Having 5 instate options T1-T31 is pretty fortunate for CA residents even though the top 5 are hard to get into if you are from a wealthy high performing area.
Anonymous
Post 11/13/2025 13:10     Subject: Harvard is not alone. UC students Without 8th Grade Math Skills Skyrockets

Anonymous wrote:
Anonymous wrote:The low performers at UC San Diego are URM's, English-learners.

It is a function of how UC San Diego selected their student body. They selected more applicants from poorer, English-learning schools.

I'm not sure how to correct it, but it seems to be common sense that putting students in an environment where they are destined to fail does no one any good.

Either UC San Diego just hands out degrees like candy and the institution's reputation suffers or they give up on admitting students with elementary school-level abilitites.


You seem to think they did this to help people? It’s just high-level virtue signaling.


It is too ensure that they have wide based political support in CA.
Anonymous
Post 11/13/2025 13:10     Subject: Harvard is not alone. UC students Without 8th Grade Math Skills Skyrockets

Anonymous wrote:Failure to use the SAT in admissions is making the University of California system look like a clown-car.


Anyone who would make a statement like that is driving the clown car. That said, the UCs like all public schools aren’t top 20 undergraduate schools and they shouldn’t try to be. They are in place to serve their state residents.
Anonymous
Post 11/13/2025 12:28     Subject: Harvard is not alone. UC students Without 8th Grade Math Skills Skyrockets

Anonymous wrote:
Anonymous wrote:ironically, the students who major in sociology, ethnic studies and other soft subjects end up being the ones working in education administration and setting admissions policy, where they proceed to favor other students like them in the admissions process. part of the problem is that administrators and not actual faculty have taken control of the admissions process and student evaluation methods.

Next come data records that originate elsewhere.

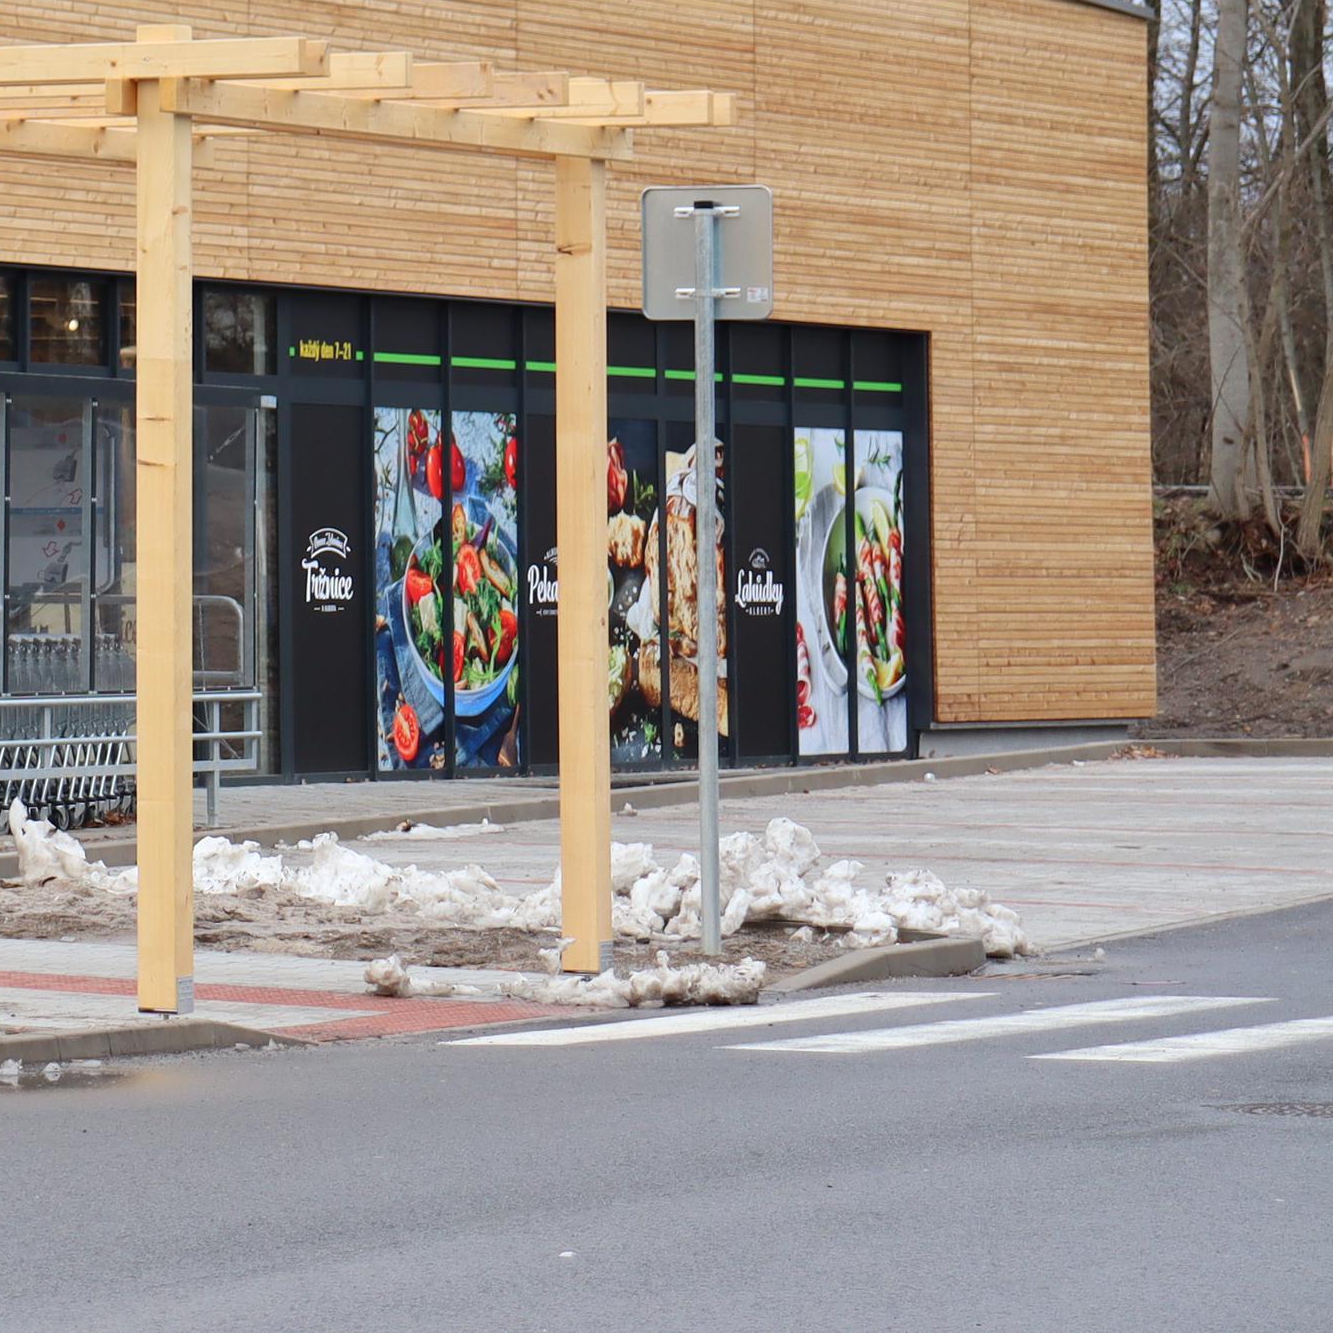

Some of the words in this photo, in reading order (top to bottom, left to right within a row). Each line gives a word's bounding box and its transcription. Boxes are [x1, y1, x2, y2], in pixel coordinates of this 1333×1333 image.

[299, 339, 319, 363] každý
[320, 340, 335, 359] den
[301, 558, 354, 603] Tržnice
[734, 568, 784, 616] Lahůdky
[749, 606, 771, 615] ALBERT

+1 dumb and dumber. in past years, actual faculty had more say in universities.


The faculty do not care if the University admits unqualified Latinos and shuffles them over to the Spanish, ethnic studies or sociology department. Those departments are happy to be able to fill their classes and not lose funding. Faculty are only ticked off if they are required to teach unqualified students and face some consequence themselves if those students fail.

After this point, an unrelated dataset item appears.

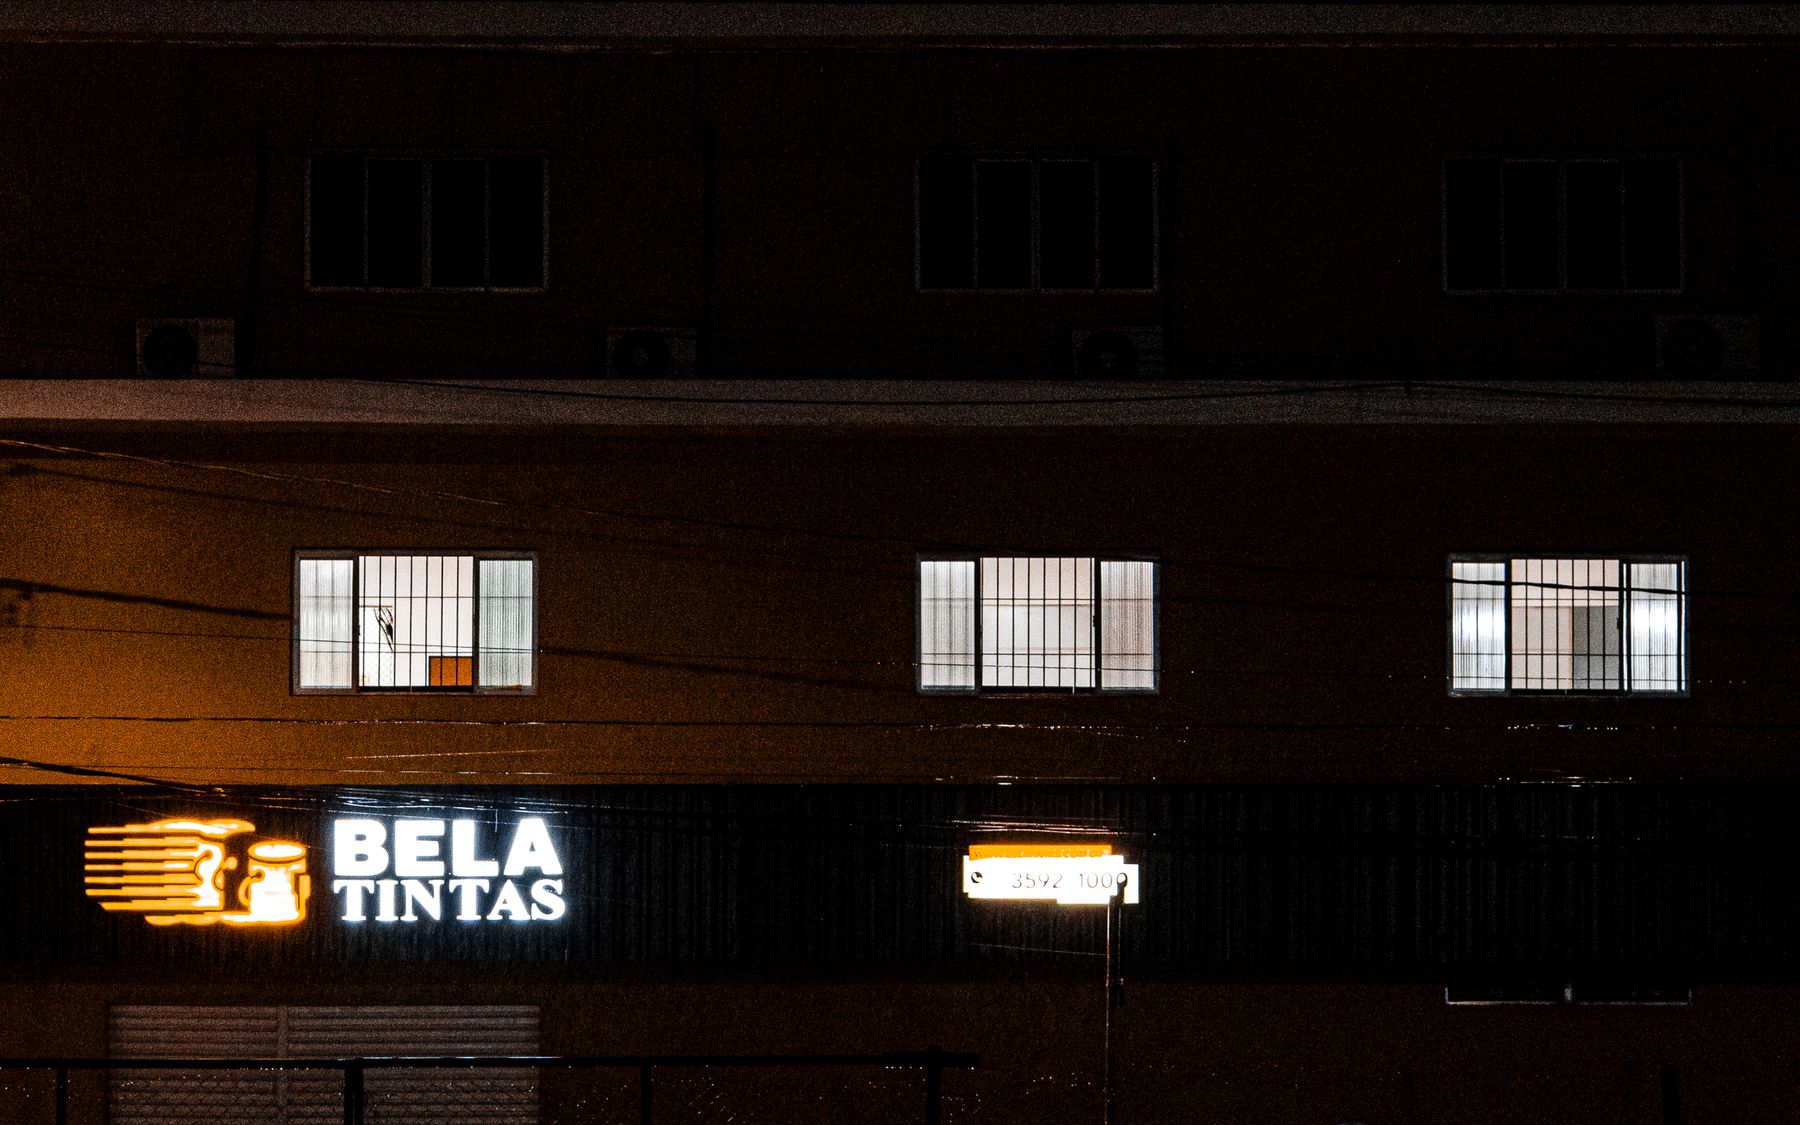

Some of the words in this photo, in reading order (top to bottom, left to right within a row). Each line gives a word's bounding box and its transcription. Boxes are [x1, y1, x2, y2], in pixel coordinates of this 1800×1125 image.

[333, 819, 563, 876] BELA
[333, 879, 566, 921] TINTAS
[1011, 872, 1063, 889] 3592

As far as math, faculty are pretty much upset at all the incoming students. The explosion of interest in engineering has funneled a lot of students into math , chemistry and physics courses who are not gifted in math , chem or physics. The kid with middle school level math slinks off never to be seen again or bother the professor. It’s the kids who crammed or cheated their way through getting 5s on AP Calc, 700+ SAT etc who are freaking out that they got a C, D or F on their exam. These kids belong in the business school doing excel not engineering.